Solid material transported from the aquifer well casing or surface pipelines is accumulated in filters right after production and directly before injection. Beside sandstone and mudstone, gypsum minerals were identified. 60% of the solids can be related to corrosion occurring both in the production well and before injection. Corrosion products form small ferromagnetic plates of 1–10 mm in diameter. They are mainly composed of magnesioferrite, spinelloid, and lepidocrocite. Similarly, the bailer sample from well 1I yields a mixture of sandstone, mudstone, and corrosion minerals.

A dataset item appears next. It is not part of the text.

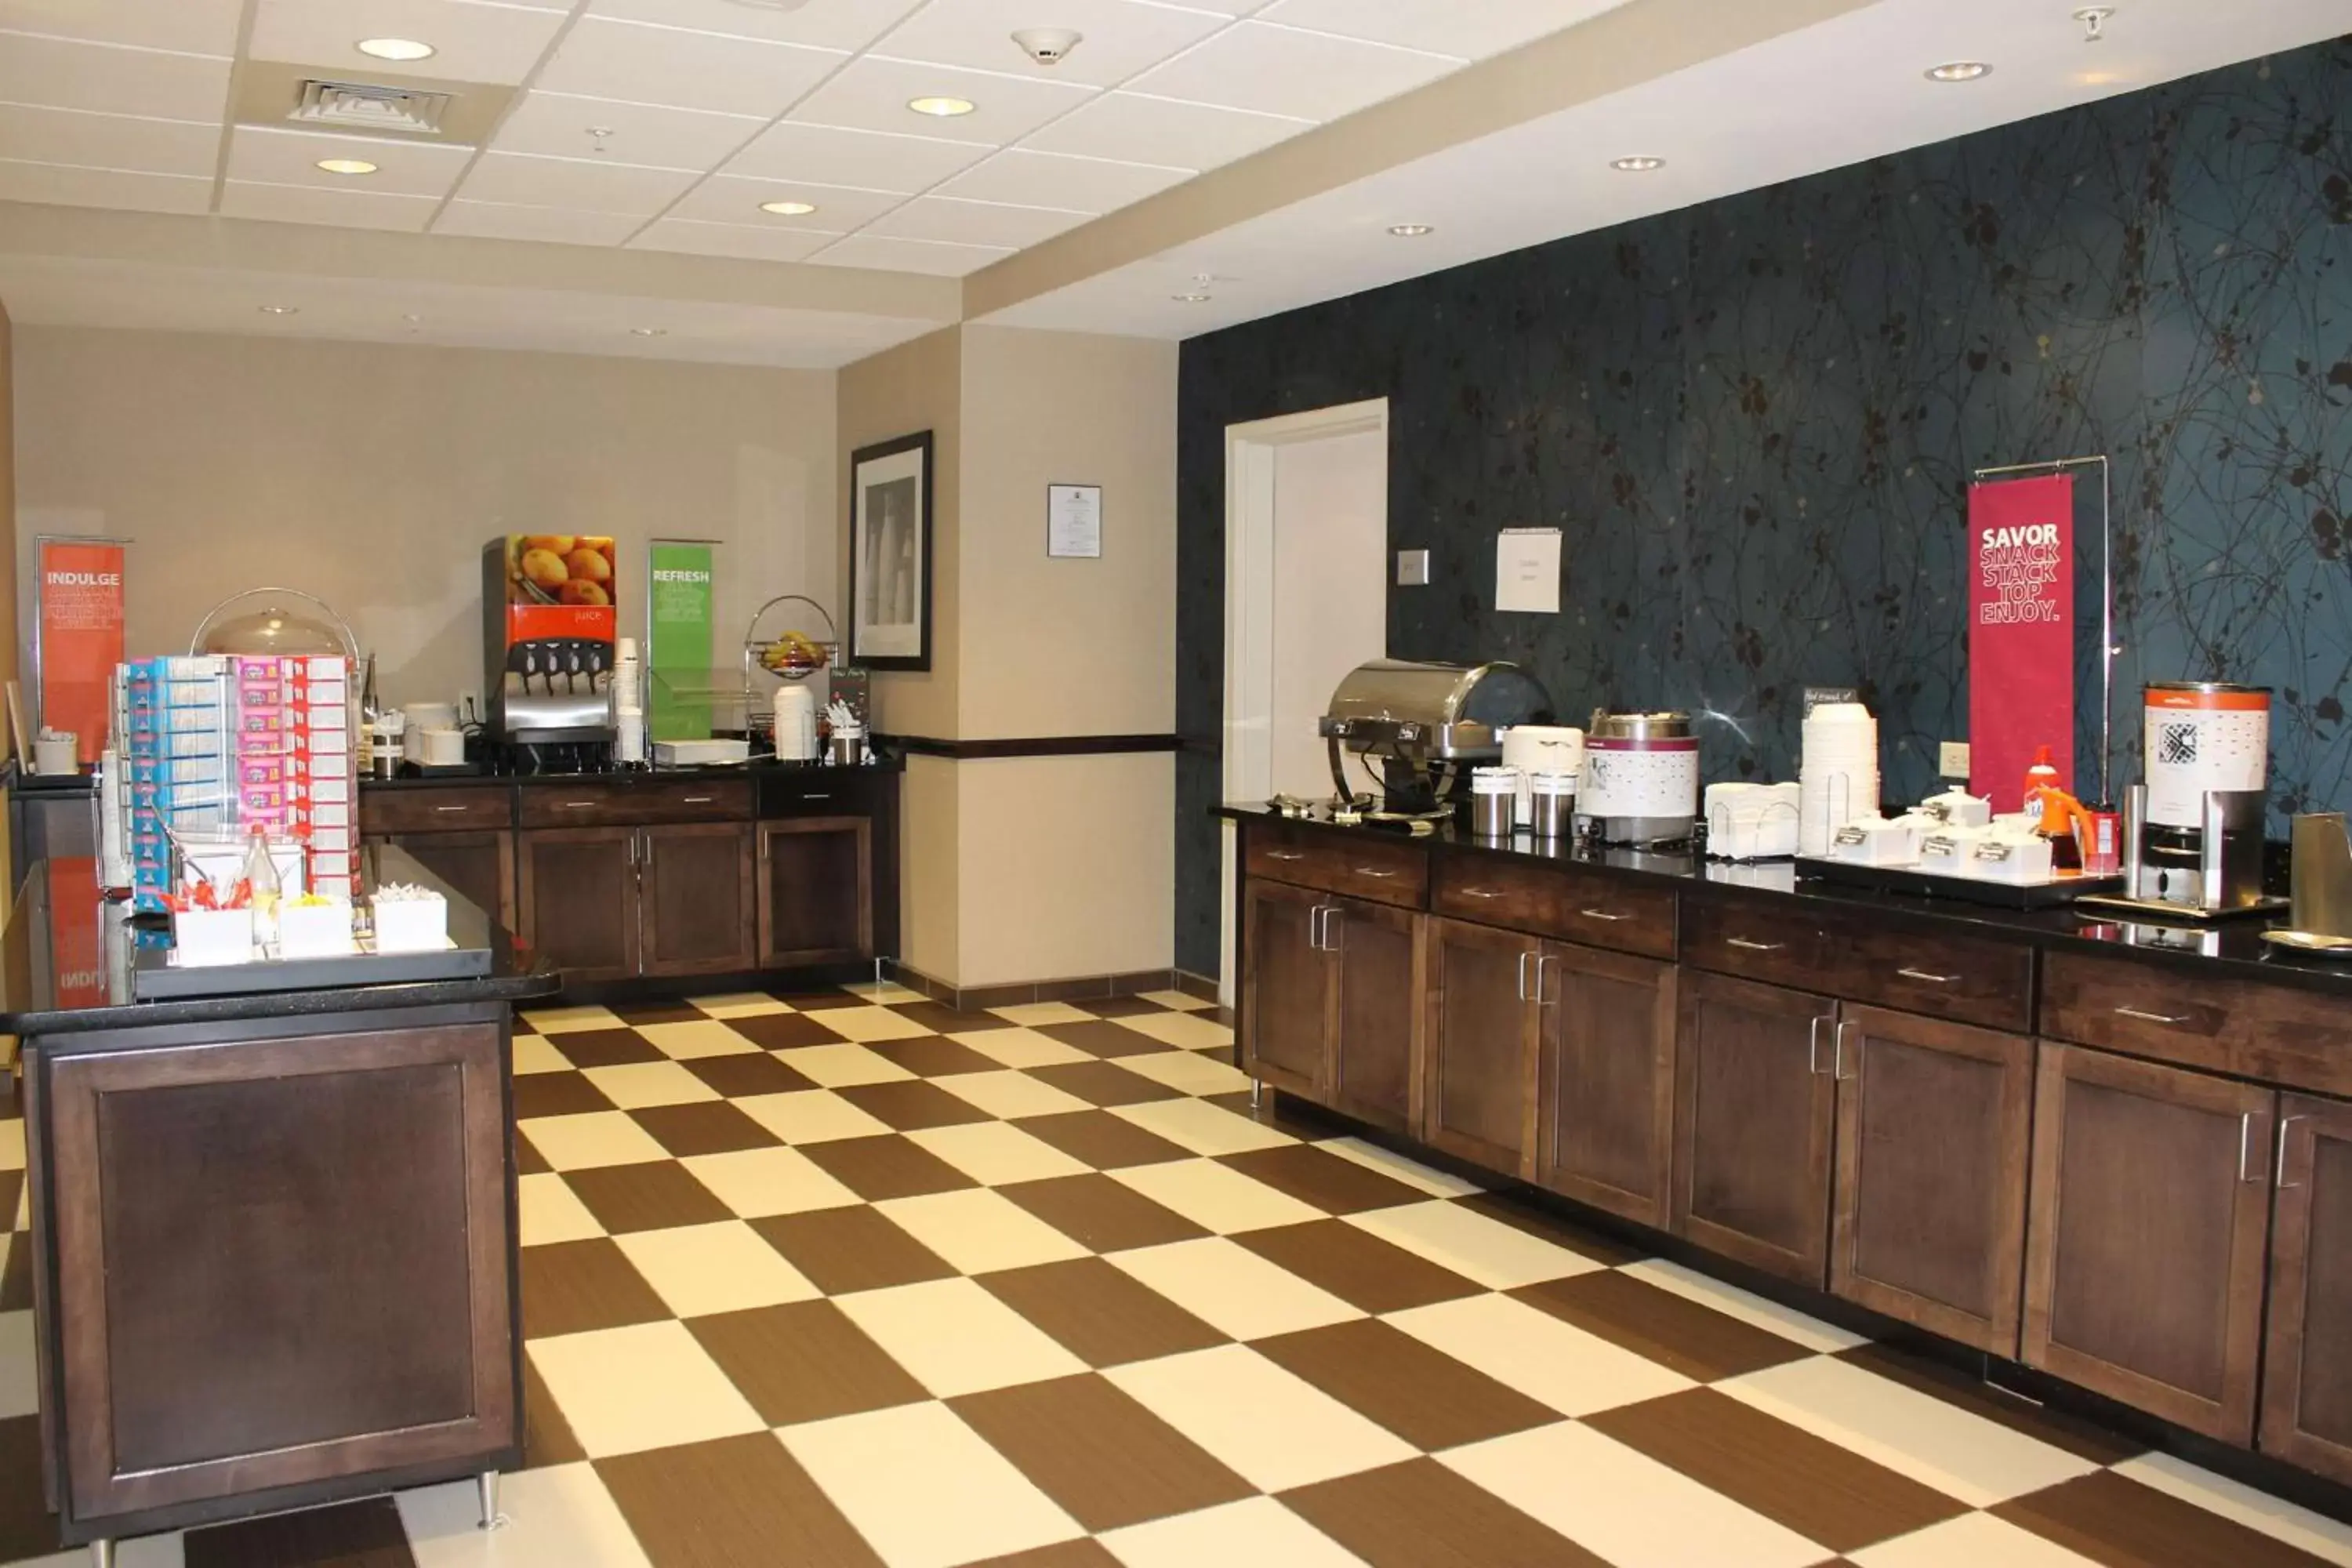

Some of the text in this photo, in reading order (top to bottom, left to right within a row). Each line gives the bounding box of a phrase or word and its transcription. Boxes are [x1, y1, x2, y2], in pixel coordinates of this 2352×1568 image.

Corrosion processes are confirmed also by the observation of relatively high total concentrations of Mn, Fe, and Si in water. Mn, Fe, and Si are components of “4140” or “L80” steel which is used as material in wells and pipes. Additionally, these element concentrations positively correlate with each other at all locations of the thermal cycle (Figure 5). That means that increasing Mn concentration (probably from dissolution processes) implies increased Fe and Si concentration. Overall, Mn and Fe concentrations increase from production to injection site indicating a higher or accumulating chemical reactivity towards the injection site.
The interaction of fluids with solids also leads to leaching and precipitation processes in the aquifer. This process can be observed in correlation of specific element concentrations in water (Figure 5). Positive correlation and increasing concentrations indicate dissolution of minerals; decreasing total concentrations show precipitation of minerals. Hence, the correlation of HCO3, Ca, and Mg concentrations suggests leaching of dolomite and calcite from reservoir rocks probably by mechanical force.
Furthermore, the strength of correlation between different chemical elements can be further analyzed with a hierarchical clustering tree based on correlation-derived Euclidean distances (Figure 5(b)). Element families with high cross-correlation show similar response to chemical reactions. The lower the Euclidean distance (y-axis in Figure 5(b)), the higher the strength of correlation. Three main groups have been distinguished which also reflect the above-described processes. B, Si, Fe, Li, Ba, and Mn correlate while Mg, HCO3, Ca, and Br build another group. Also Cl, SO4, Na, F, K, and Sr show similar chemical behavior. The first group represents corrosion of pipelines and therefore increases in Mn, Fe, and Si concentration. The second group shows dissolution of reservoir minerals and therefore correlation of HCO3 with Mg and Ca. Elements of the third group are responsible for the high salinity and therefore correlate with the electrical conductivity. The highest reverse correlations occur for elements which cannot form chemical reactions or build minerals in this environment.
Fluid-rock interaction was additionally assessed by hydrochemical modeling. The oversaturation of specific minerals is an indicator for possible precipitation. It was calculated under different circumstances (production/injection) and additionally considers the effect of acidation and remaining drill mud (mainly montmorillonite) at injection site (Table 2).
The results from hydrochemical modeling with PHREEQC (see “Methods and Data”) show that at production site several silica (albite, anorthite) including clays (chlorite, montmorillonite, and talc) and different sulfate minerals (celestite, gypsum, and barite) are oversaturated. However, gypsum inhibitor is used since 2004 and precipitation is successfully avoided.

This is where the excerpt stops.